Llamado urgente al Gobierno nacional
Sin embargo, el gobernador señaló que el éxito definitivo de esta lucha local choca contra un cuello de botella nacional. Las investigaciones de inteligencia demuestran que cerca del 80% de los homicidios y extorsiones en el Atlántico son ordenados desde las cárceles de La Picota, Cómbita y Girón, presuntamente por cabecillas que participan en procesos de paz que no han dado los resultados esperados.
Verano calificó de inaceptable que los centros penitenciarios sigan operando como oficinas de mando criminal. Por ello, hizo un llamado enérgico y urgente al Gobierno nacional y al Inpec para que implementen de inmediato controles estrictos, traslados estratégicos y un bloqueo real de las comunicaciones. “Necesitamos que el Estado recupere la autoridad en las cárceles para salvaguardar lo que con tanto esfuerzo hemos construido en el Caribe”, expresó.

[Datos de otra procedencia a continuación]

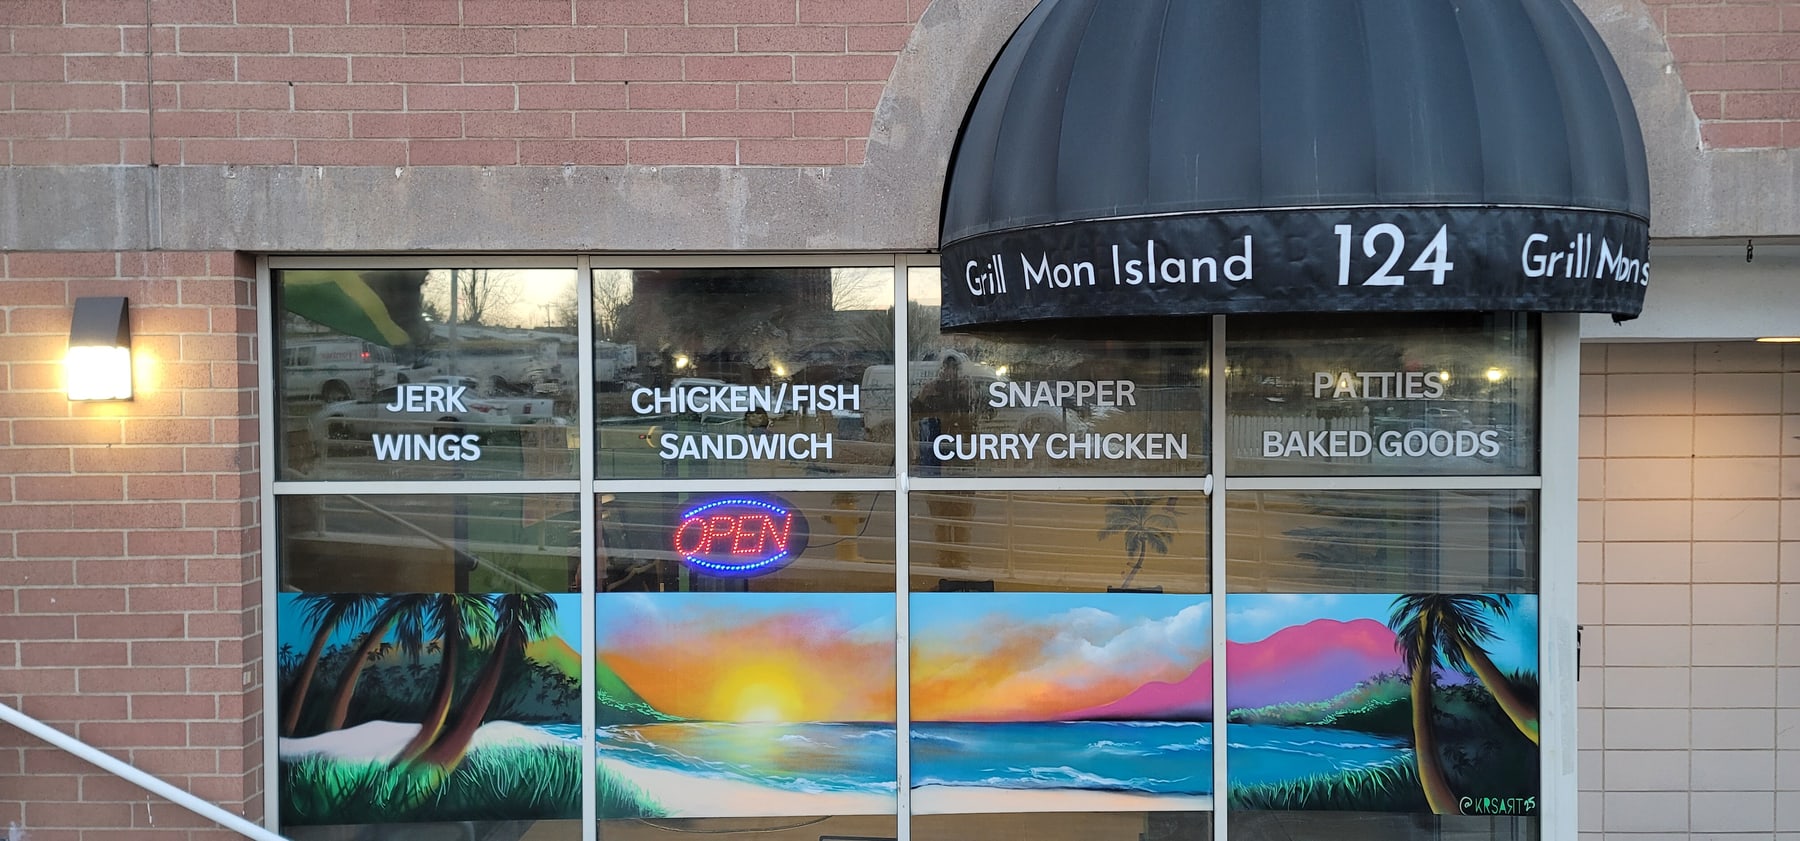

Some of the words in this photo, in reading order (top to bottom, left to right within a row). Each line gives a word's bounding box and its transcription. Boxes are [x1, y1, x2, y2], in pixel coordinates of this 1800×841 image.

[965, 253, 1006, 296] Grill
[1020, 251, 1095, 290] Mon
[1112, 235, 1252, 285] Island
[1334, 223, 1454, 286] 124
[1522, 233, 1591, 278] Grill
[386, 385, 467, 412] JERK
[988, 380, 1136, 407] SNAPPER
[1314, 371, 1444, 399] PATTIES
[372, 434, 480, 461] WINGS
[659, 433, 833, 460] SANDWICH
[933, 433, 1041, 460] CURRY
[1046, 433, 1188, 460] CHICKEN
[1263, 430, 1372, 457] BAKED
[1379, 430, 1500, 457] GOODS
[674, 513, 792, 556] OPEN
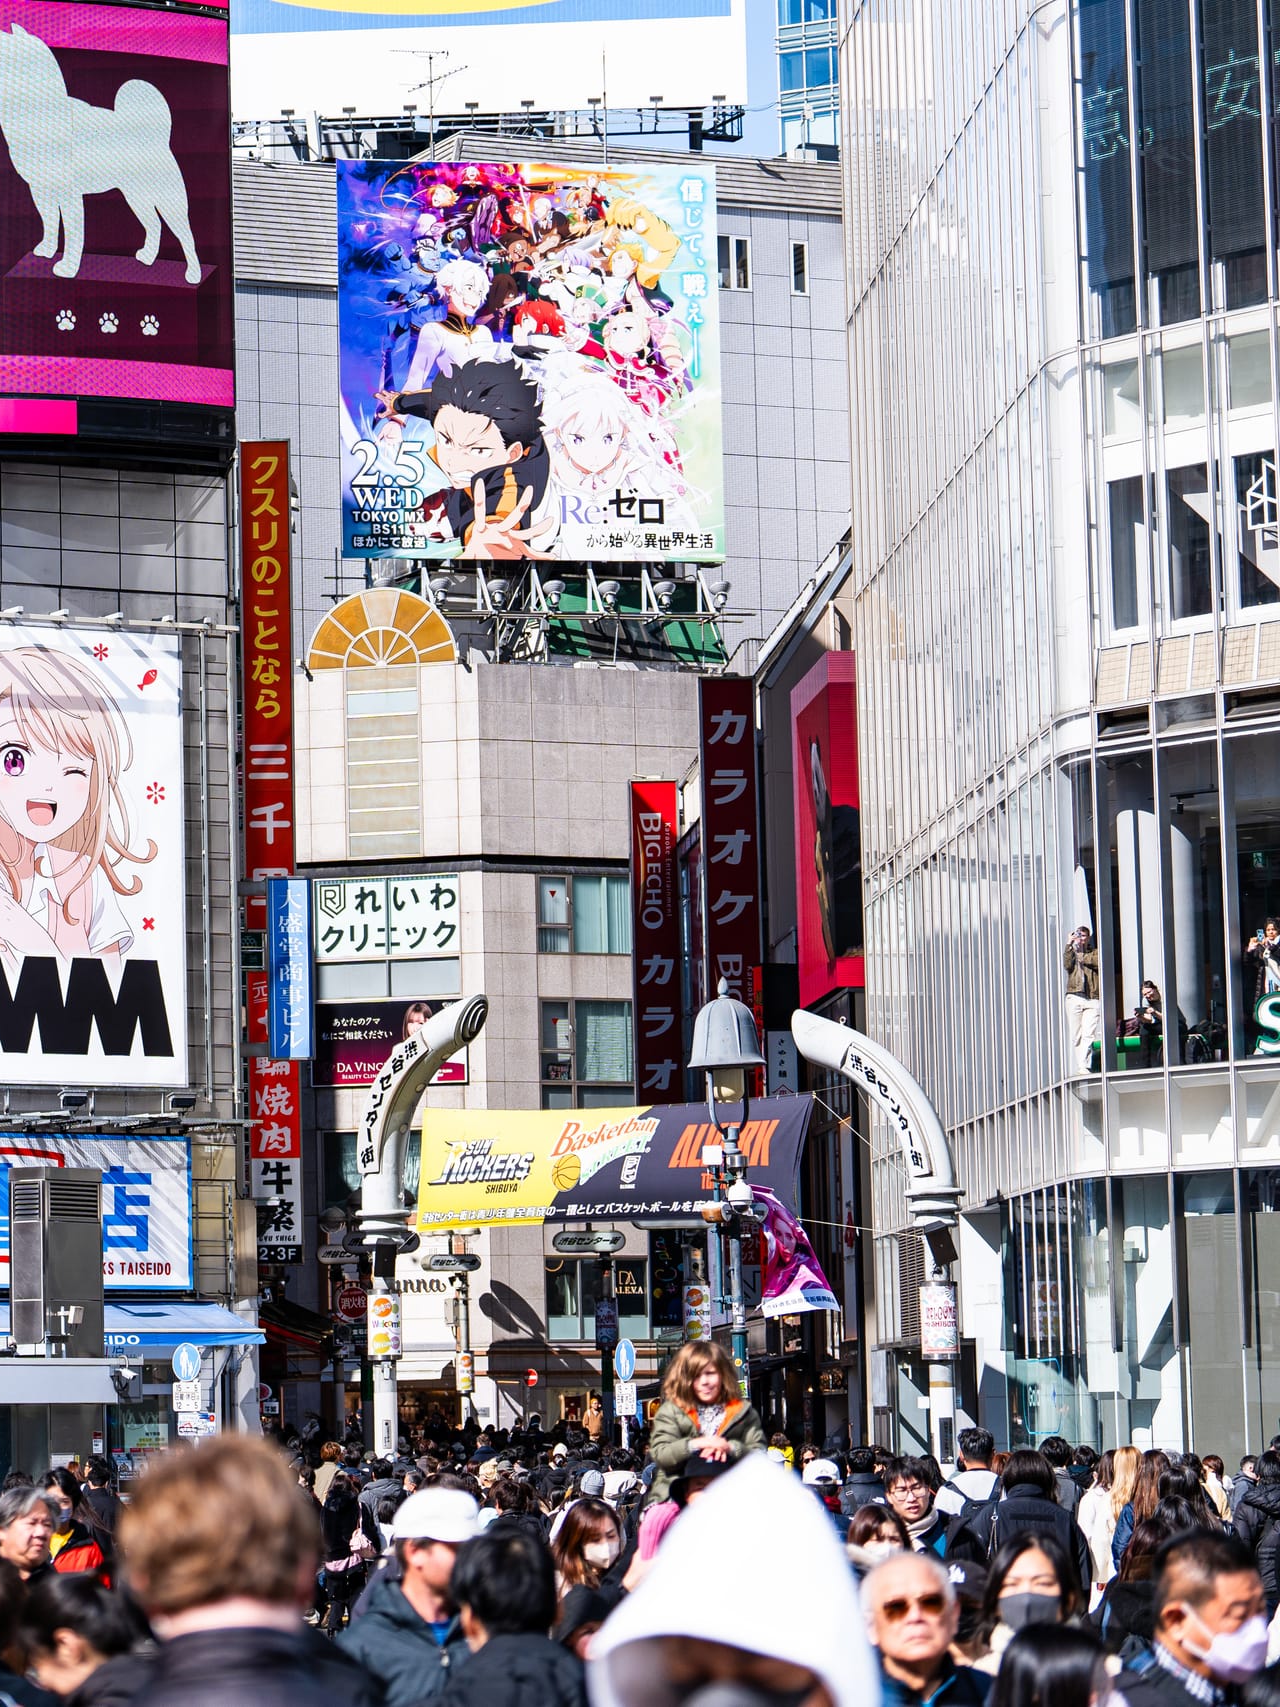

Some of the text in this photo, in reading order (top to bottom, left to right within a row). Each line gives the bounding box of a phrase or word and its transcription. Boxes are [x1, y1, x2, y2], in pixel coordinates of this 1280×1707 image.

[351, 440, 425, 487] 2.5
[351, 487, 425, 510] WED
[560, 488, 665, 525] Re:ゼロ
[352, 510, 425, 523] TOKYO MX
[372, 523, 405, 535] BS11
[353, 536, 426, 549] ほかにて放送
[586, 530, 714, 551] から始める異世界生活
[250, 456, 282, 719] クスリのことなら
[708, 749, 753, 926] カラオケ
[639, 812, 665, 930] BIG ECHO
[354, 882, 457, 915] れいわ
[321, 920, 457, 953] クリニック
[278, 888, 305, 1050] 大盛堂商事ビル
[333, 1016, 381, 1028] あなたのクマ
[336, 1062, 384, 1073] DA VINC
[360, 1040, 418, 1169] 渋谷センター街
[849, 1053, 924, 1170] 渋谷センター街
[551, 1117, 657, 1157] Basketball
[429, 1145, 535, 1186] ROCKERS
[484, 1182, 519, 1195] SHIBUYA
[275, 1233, 297, 1242] SHIGE
[558, 1236, 622, 1247] 渋谷センター街
[119, 1261, 173, 1276] TAISEIDO
[340, 1295, 368, 1309] 消火栓

Impacto en el turismo y la economía
El gobernador resaltó que lo que está en juego en el Atlántico es monumental. El departamento se ha transformado en un epicentro de progreso, un imán empresarial y un referente cultural y turístico. Cada año se consolida como el destino de cerca de 1.750.000 turistas, de los cuales 205.000 son visitantes internacionales y, puntualmente, 120.000 provienen de Estados Unidos, atraídos por la calidez de la gente, el desarrollo de muelles históricos y malecones, y la pujanza de la infraestructura urbana y rural.
Verano concluyó que a los ciudadanos y visitantes del mundo les da una certeza: actúan con determinación y profesionalismo. Al Gobierno nacional le pidió la firmeza que le corresponde. “Al Atlántico no lo define el miedo; lo definen su grandeza y el compromiso inquebrantable de seguir avanzando”, afirmó.